Deductions from wages
The Act regulates deductions from wages and it prohibits employers deducting amounts from an employee’s wages unless the deduction is made under a valid written authorisation from the employee.
The definition of ‘deduction’ is wide and expressly applies to amounts withheld in accordance with a salary sacrifice arrangement.
A deduction will also include attempts by the employer to recover amounts owed by an employee by withholding payment of wages. This might include instances where the employer has previously overpaid the employee’s wages, or where the employee owes the employer an amount for the provision of work-related clothing or equipment.
Exceptions to prohibition against deduction from wages
Under the Act, it is possible to lawfully deduct from wages where:
- the employer has written authorisation from the employee, or
- deductions are required or authorised under an industrial instrument such as an award or a certified agreement.
Where the employee has authorised the deductions, the authorisation must state the amount of each deduction, unless it is a regular deduction that is not for the benefit of the employer or a related party—for example, premiums for health insurance sent to a health fund.

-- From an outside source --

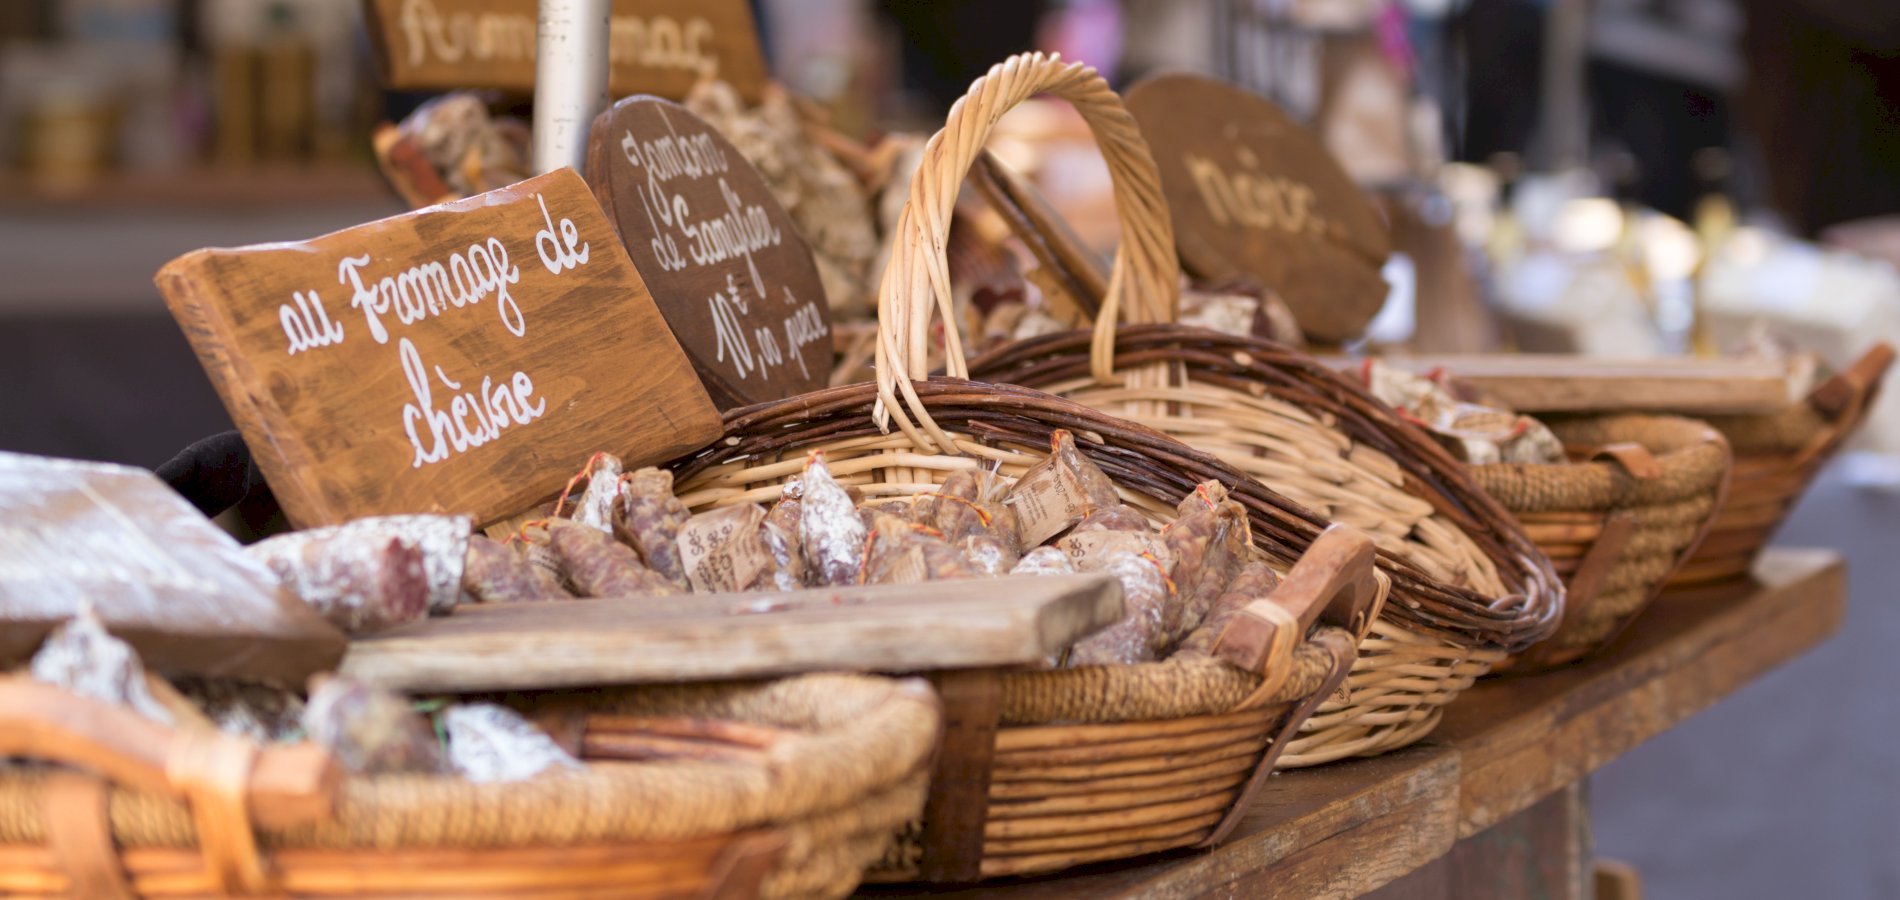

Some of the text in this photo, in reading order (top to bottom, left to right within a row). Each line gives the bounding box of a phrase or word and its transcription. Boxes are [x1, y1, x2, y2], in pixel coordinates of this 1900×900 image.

[622, 104, 729, 227] Jambon
[637, 184, 686, 272] de
[279, 193, 589, 355] au Fromage de
[399, 337, 546, 468] chèvre
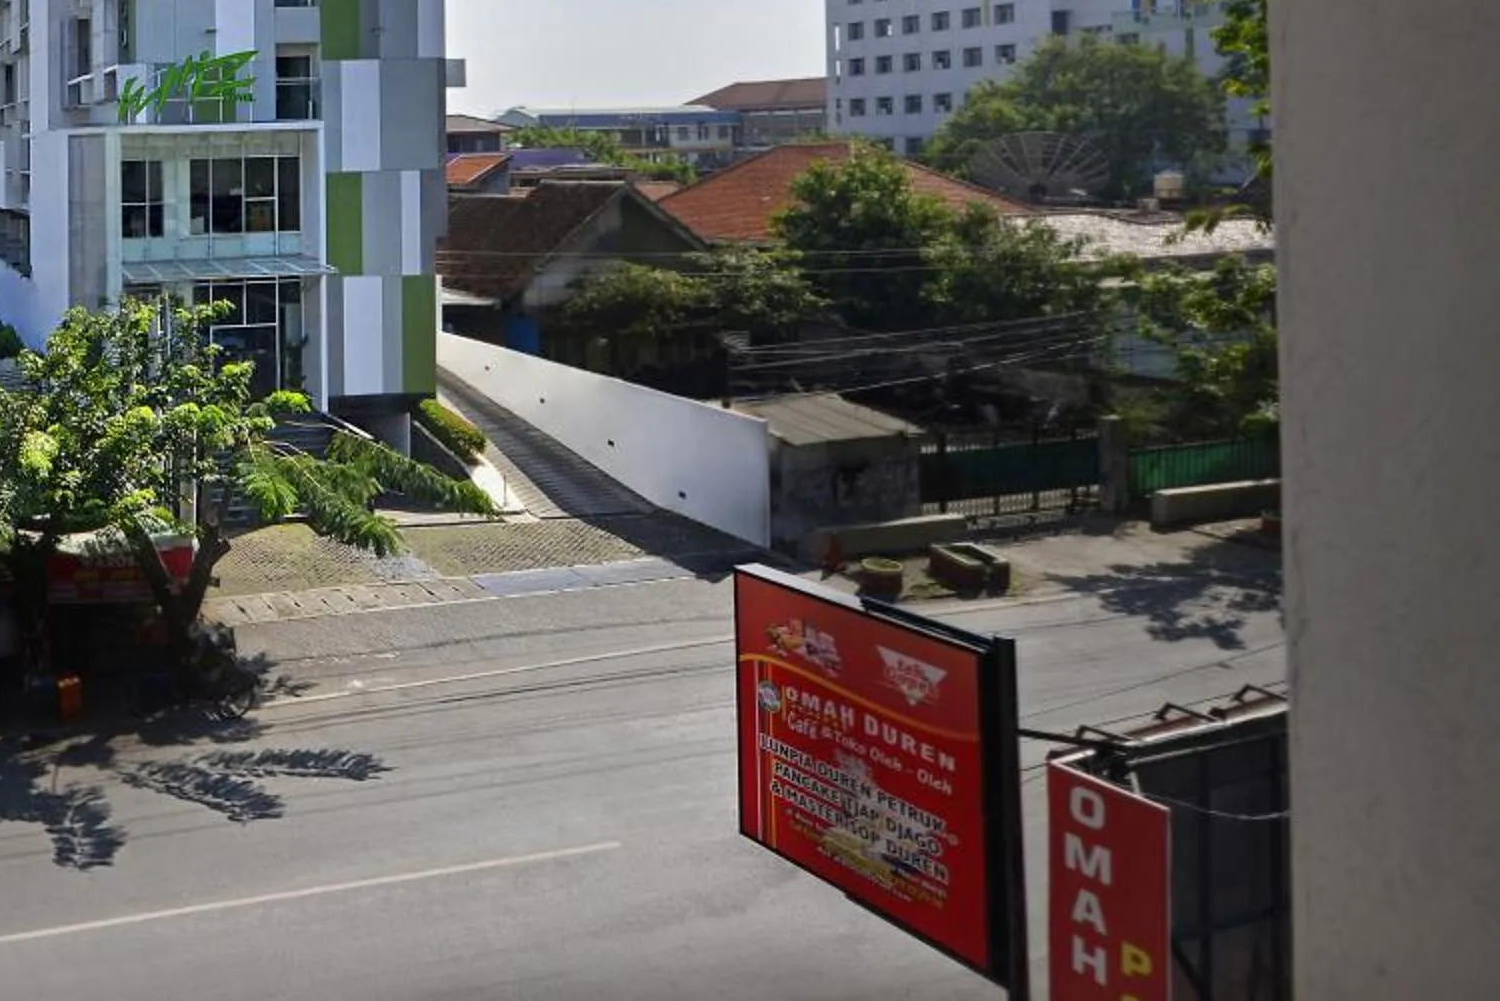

The Act also imposes additional requirements where the deduction is for the benefit of the employer—for example, where the deduction is for the uniform or equipment of a new employee, or where the employer recovers a previous overpayment of wages by making a deduction into the subsequent pay cycle. In this scenario, the employer must inform the employee in writing of:
- the reason for the proposed deduction
- in whose favour the deduction is to be made
- the amount of the deduction
- whether it is a single or multiple deduction, and
- the date(s) or period when the deduction will be made.
Whilst it is as yet unclear whether such an option is valid under the Act, it may be possible for an employer to obtain a ‘pre-authorisation’ by including a general authorisation in the contract of employment to the effect that the employer may make deductions from the employee’s wages at a time and for an amount to be specified as the need arises.
Authorisation void in certain circumstances
The Act also provides that some deductions may be unlawful, despite employee authorisation. For example, if the deduction would result in the employee being paid less than the minimum wage, or if the deduction is intended to represent the cost of replacing any clothing, equipment or other property provided to the employee by the employer that was lost, damaged or destroyed unintentionally by the employee.
This provision is designed to protect employees in industries such as hospitality, whose wages were significantly reduced by deductions for accidental breakages on the job.
Employees are entitled to withdraw their authorisation at any time.
No contracting out
From 1 December 2008, it will not be possible for Victorian employers and employees to enter into a contract that is contrary to the requirements of the Act.
However, as part of the transitional arrangements, contracts made between employers and employees before 1 December 2008 that are otherwise inconsistent with the Act will have effect up until 30 June 2009.
Penalties for non compliance
Where an employer makes an unlawful deduction or fails to pay an employee in money contrary to the Act, a court may impose a penalty of up to $10,000 and order that the employer reimburse the employee. A claim may be brought by an employee, union or the minister, but only following a written demand.
Implications for employers
In order to avoid up to $10,000 in penalties, employers in Victoria should:
- review their contracts, policies and payroll practices to ensure that all deductions from wages are made in accordance with the new requirements, and
- ensure that authorisations given by an employee contains the amounts that the employee consents to having deducted from their wages.